Climate Collider: New Startup Exchange Program

Launched in partnership with Innosuisse, the four-week program will bring together 10 Swiss and US startups across Boston and New York this fall to accelerate global solutions to climate change.

March 29, 2023 | Boston & New York

The recent report by the IPCC underscores the urgency of combating climate change. According to UN Secretary General Antoni Guterres, we must “massively fast-track climate efforts by every country and every sector and on every timeframe.” In line with this imperative, Swissnex developed Climate Collider, a startup exchange program aimed at enhancing peer-to-peer collaboration between Swiss and American entrepreneurs and accelerating climate solutions with global impact ambitions.

Launched in partnership with Swiss innovation agency Innosuisse, the program will bring together 10 Swiss and US climatetech startups working on either mitigation or resilience technologies:

  • Mitigation | Technologies that reduce CO2 and other greenhouse gas emissions in all economic sectors, including electricity, buildings, transportation, food, agriculture, manufacturing, and more.
  • Resilience | Technologies that prepare people, communities, and infrastructure for the impacts of climate change, including cooling systems, solutions against fires, floods, other natural disasters, heat-resistant crops, and more.

Over the span of four weeks, from September 18 to October 13, 2023, the Swiss and American entrepreneurs will have the opportunity to participate in a three-part program: a series of events at Climate Week NYC (in person), a global climate tour to discover foreign markets (virtual), and a one-week “collider” program in Boston (in person). The latter will include an intensive schedule of peer-learning and training sessions, expert meetings, and site visits. The program will culminate with a flagship pitch event, where the startups will present their solutions to a high-level audience from Boston’s climatetech ecosystem.

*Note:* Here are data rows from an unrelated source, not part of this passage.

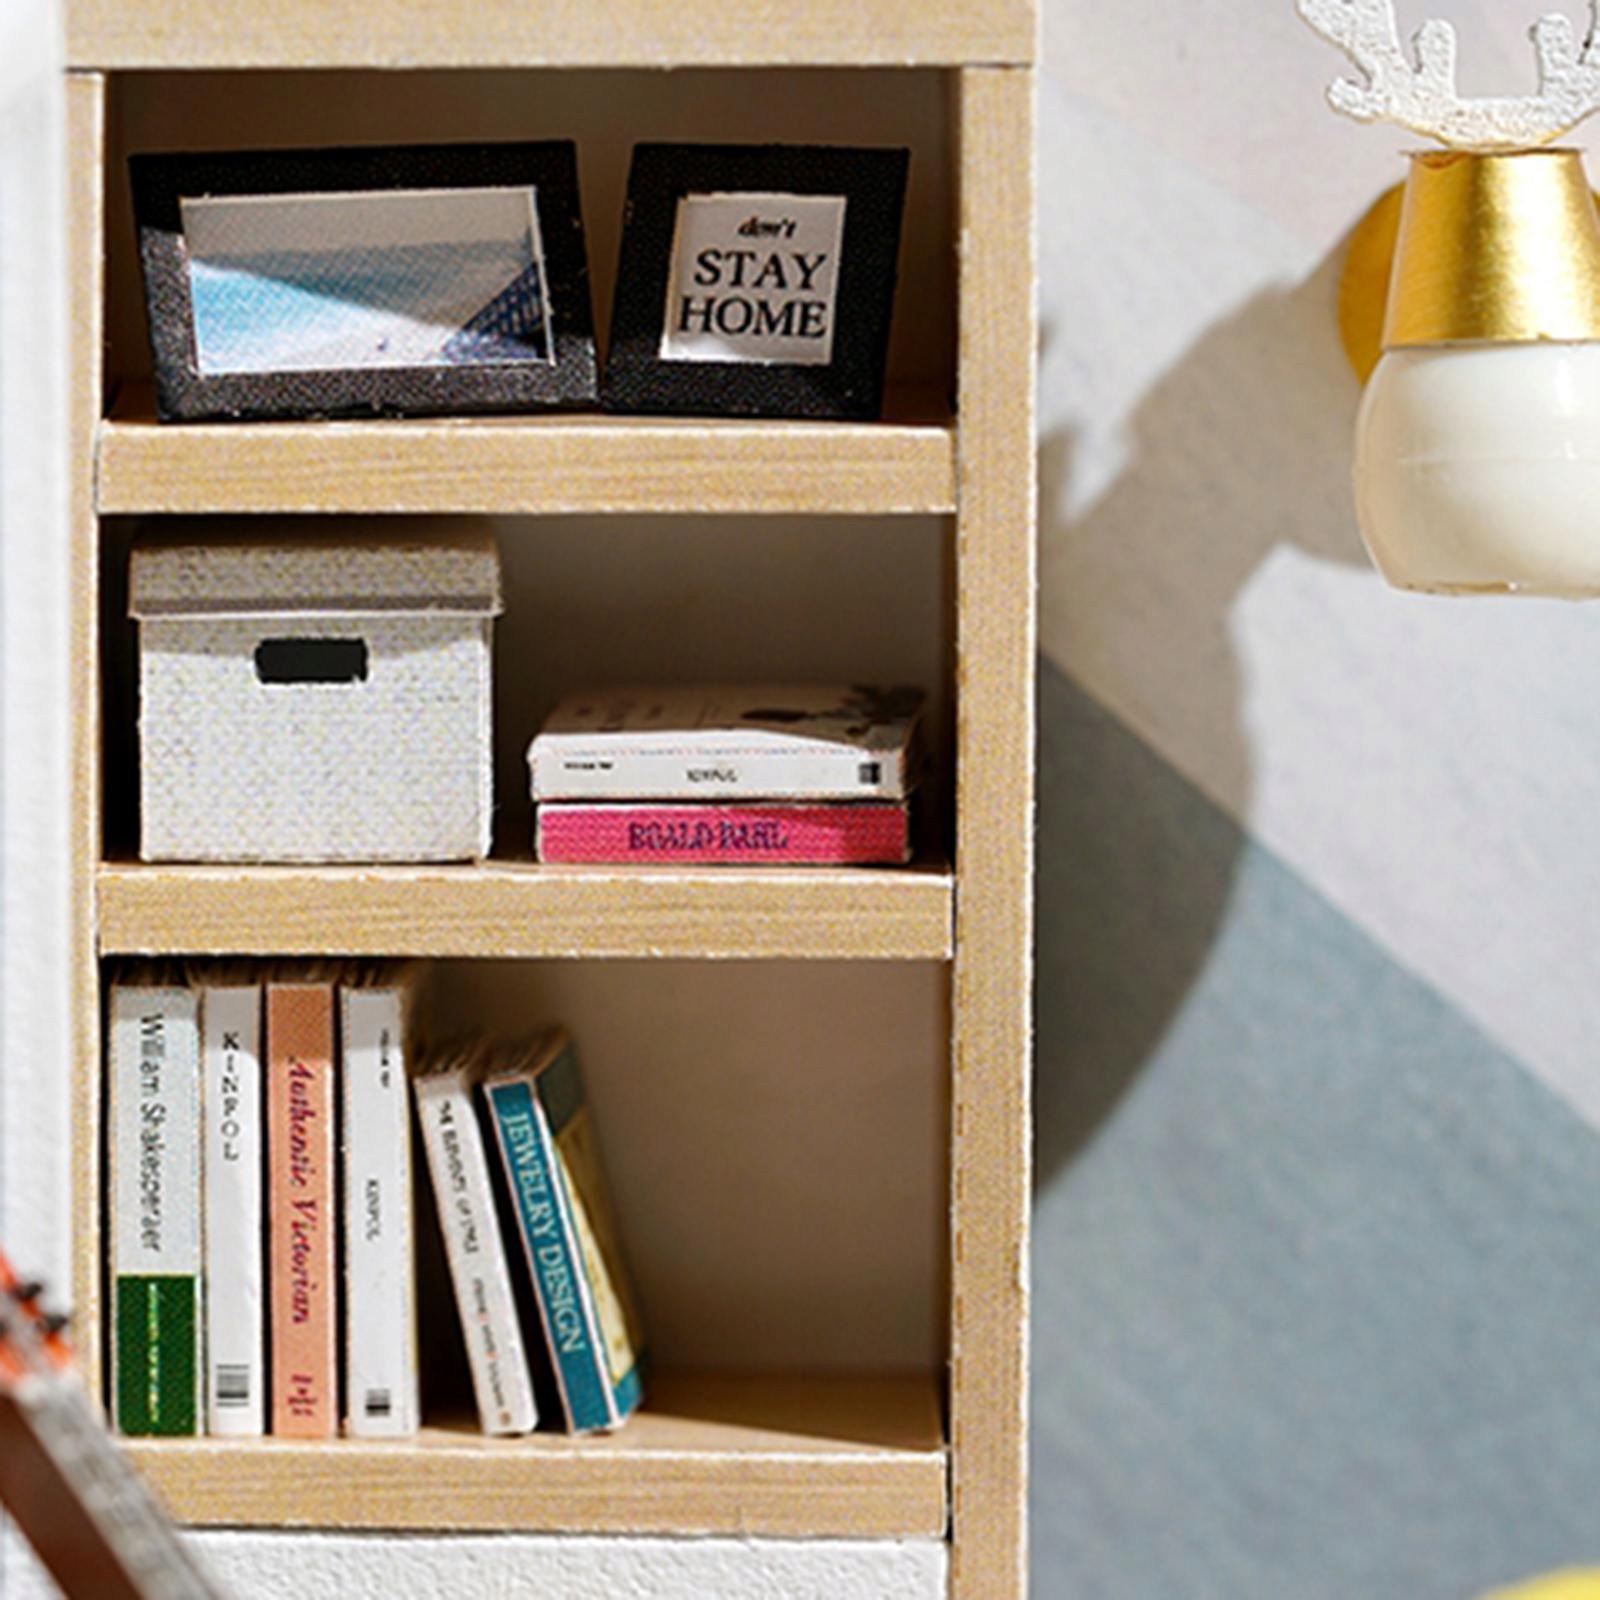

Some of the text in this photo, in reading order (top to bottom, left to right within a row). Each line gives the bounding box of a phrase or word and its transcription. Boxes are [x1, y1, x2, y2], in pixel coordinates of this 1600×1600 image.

[738, 215, 797, 238] don't
[694, 248, 827, 290] STAY
[678, 296, 827, 339] HOME
[288, 1056, 318, 1324] Authentic Victorian
[502, 1112, 586, 1353] JEWELRY DESIGN

Climate Collider is designed to fulfill three main objectives:

  • Community building | Swiss and American startups connect with, learn from, compete against, and support each other with useful contacts and ideas.
  • Mindset blend | Swiss startups absorb the best of the US startup culture and global growth mindset. US startups experience the Swiss way of innovation and sustainability.
  • Market discovery | Swiss startups understand business opportunities in the US market and beyond. US startups gain insight into the Swiss and global markets.

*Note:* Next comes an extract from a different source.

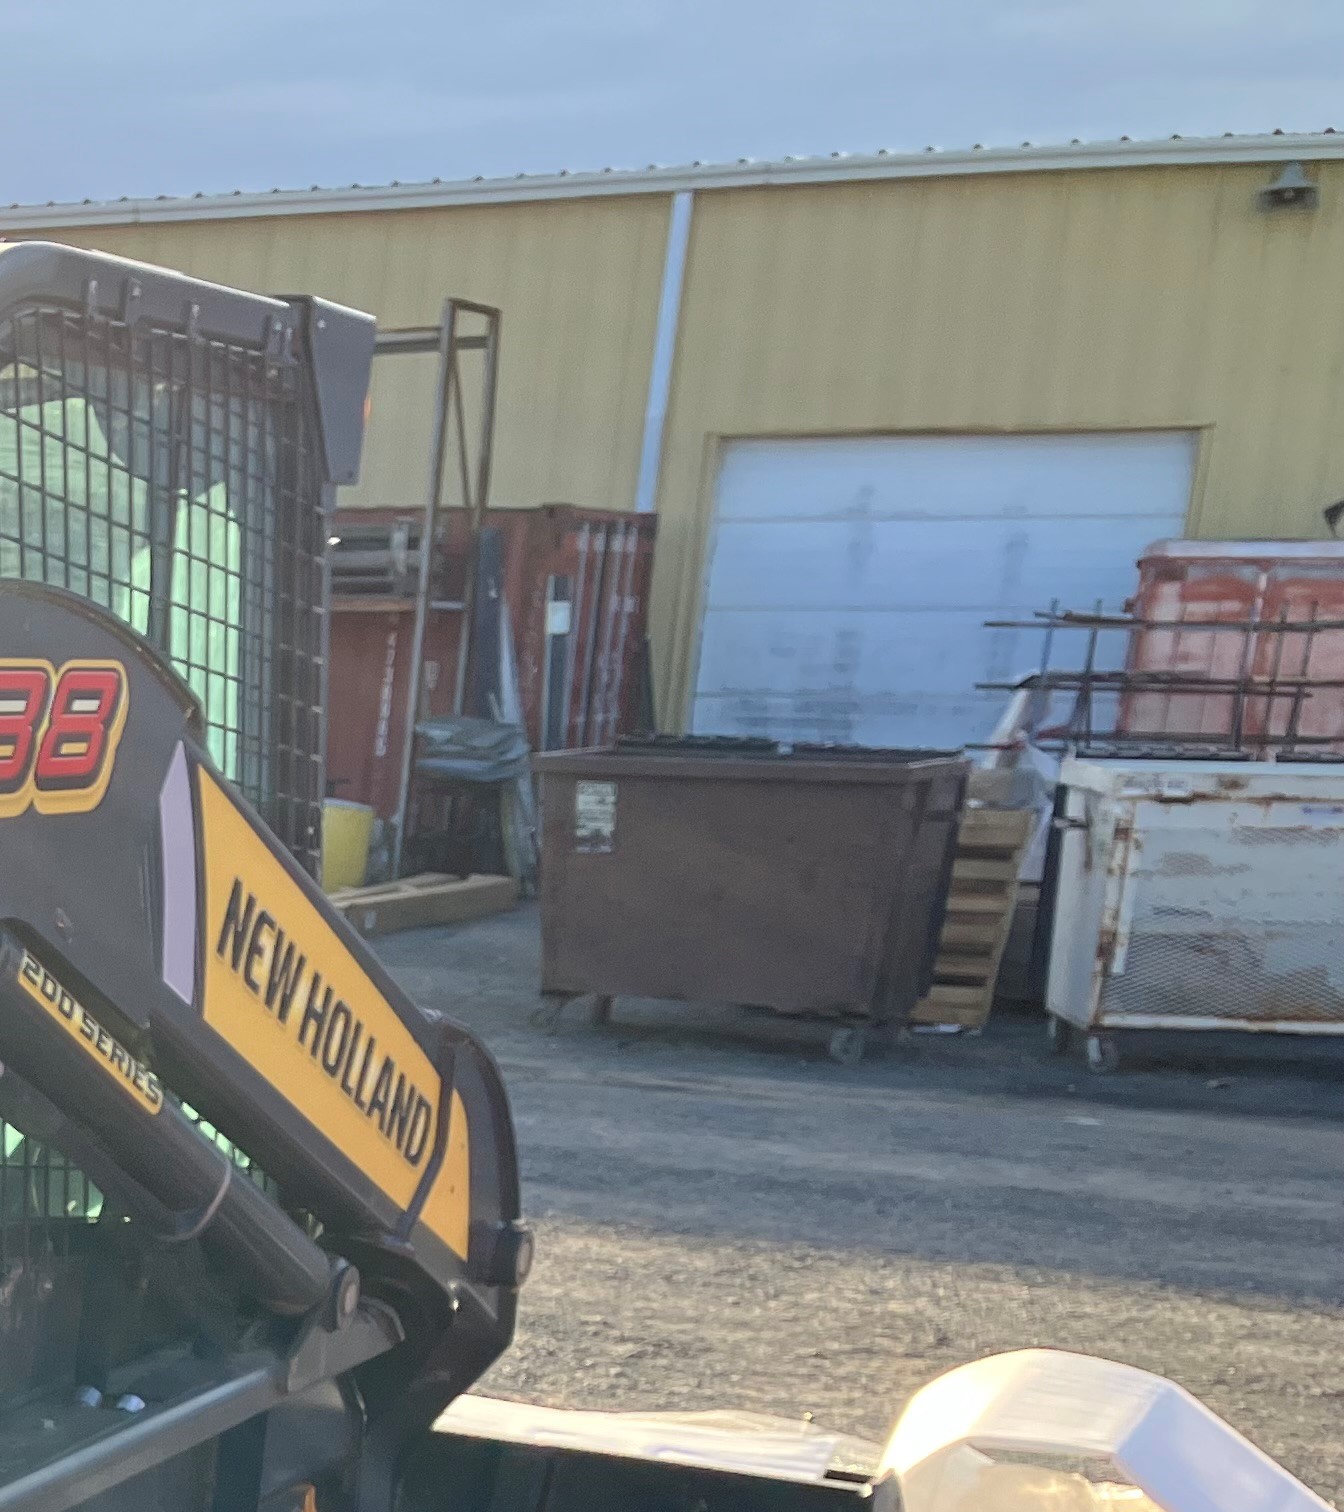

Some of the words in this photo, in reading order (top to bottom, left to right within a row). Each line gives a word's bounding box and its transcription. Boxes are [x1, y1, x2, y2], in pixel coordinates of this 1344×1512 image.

[21, 952, 77, 1021] 200
[79, 1009, 162, 1105] SERIES
[216, 876, 307, 1025] NEW
[297, 970, 433, 1167] HOLLAND

As the country with the world’s highest number of sustainability startups per capita, Switzerland has much to offer in climatetech. The Swiss startup Climeworks, which specializes in CO2 air capture technology, is often depicted as one of the prime examples of climate innovation in world media. In the US, on the other hand, climatetech is experiencing unprecedented momentum, spurred in part by the recently passed Inflation Reduction Act, one the most significant pieces of climate legislation in history. As a still up-and-coming and diverse field of entrepreneurial activity, climatetech represents an ideal candidate for an open exchange between founders with US and European sensibilities on sustainability. As a concept, it encompasses a wide range of startups that nevertheless share a common mission: mitigate the impacts of climate change and build resilience globally.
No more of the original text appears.